(Source material begins)

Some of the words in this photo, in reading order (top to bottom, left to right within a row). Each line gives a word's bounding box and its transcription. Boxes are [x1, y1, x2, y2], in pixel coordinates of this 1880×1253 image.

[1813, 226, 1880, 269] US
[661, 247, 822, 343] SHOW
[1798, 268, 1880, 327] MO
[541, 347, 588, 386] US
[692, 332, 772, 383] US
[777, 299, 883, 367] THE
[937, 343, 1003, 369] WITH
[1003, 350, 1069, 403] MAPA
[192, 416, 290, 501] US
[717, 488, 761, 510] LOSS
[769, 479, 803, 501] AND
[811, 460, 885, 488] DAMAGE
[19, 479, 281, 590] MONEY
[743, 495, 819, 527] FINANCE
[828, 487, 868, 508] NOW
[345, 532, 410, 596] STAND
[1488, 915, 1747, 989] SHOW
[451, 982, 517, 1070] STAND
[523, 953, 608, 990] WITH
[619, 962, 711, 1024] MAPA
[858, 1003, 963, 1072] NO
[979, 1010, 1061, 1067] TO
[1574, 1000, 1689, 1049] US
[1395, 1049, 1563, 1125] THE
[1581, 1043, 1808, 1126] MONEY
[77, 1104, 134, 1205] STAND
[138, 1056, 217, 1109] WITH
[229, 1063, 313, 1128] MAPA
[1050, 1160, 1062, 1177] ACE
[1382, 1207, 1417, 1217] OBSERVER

(Source material ends)

Task instructions. Your answer must be the complete data, repeated word for word.

Solution.
Some of the words in this photo, in reading order (top to bottom, left to right within a row). Each line gives a word's bounding box and its transcription. Boxes are [x1, y1, x2, y2], in pixel coordinates of this 1880×1253 image.

[1813, 226, 1880, 269] US
[661, 247, 822, 343] SHOW
[1798, 268, 1880, 327] MO
[541, 347, 588, 386] US
[692, 332, 772, 383] US
[777, 299, 883, 367] THE
[937, 343, 1003, 369] WITH
[1003, 350, 1069, 403] MAPA
[192, 416, 290, 501] US
[717, 488, 761, 510] LOSS
[769, 479, 803, 501] AND
[811, 460, 885, 488] DAMAGE
[19, 479, 281, 590] MONEY
[743, 495, 819, 527] FINANCE
[828, 487, 868, 508] NOW
[345, 532, 410, 596] STAND
[1488, 915, 1747, 989] SHOW
[451, 982, 517, 1070] STAND
[523, 953, 608, 990] WITH
[619, 962, 711, 1024] MAPA
[858, 1003, 963, 1072] NO
[979, 1010, 1061, 1067] TO
[1574, 1000, 1689, 1049] US
[1395, 1049, 1563, 1125] THE
[1581, 1043, 1808, 1126] MONEY
[77, 1104, 134, 1205] STAND
[138, 1056, 217, 1109] WITH
[229, 1063, 313, 1128] MAPA
[1050, 1160, 1062, 1177] ACE
[1382, 1207, 1417, 1217] OBSERVER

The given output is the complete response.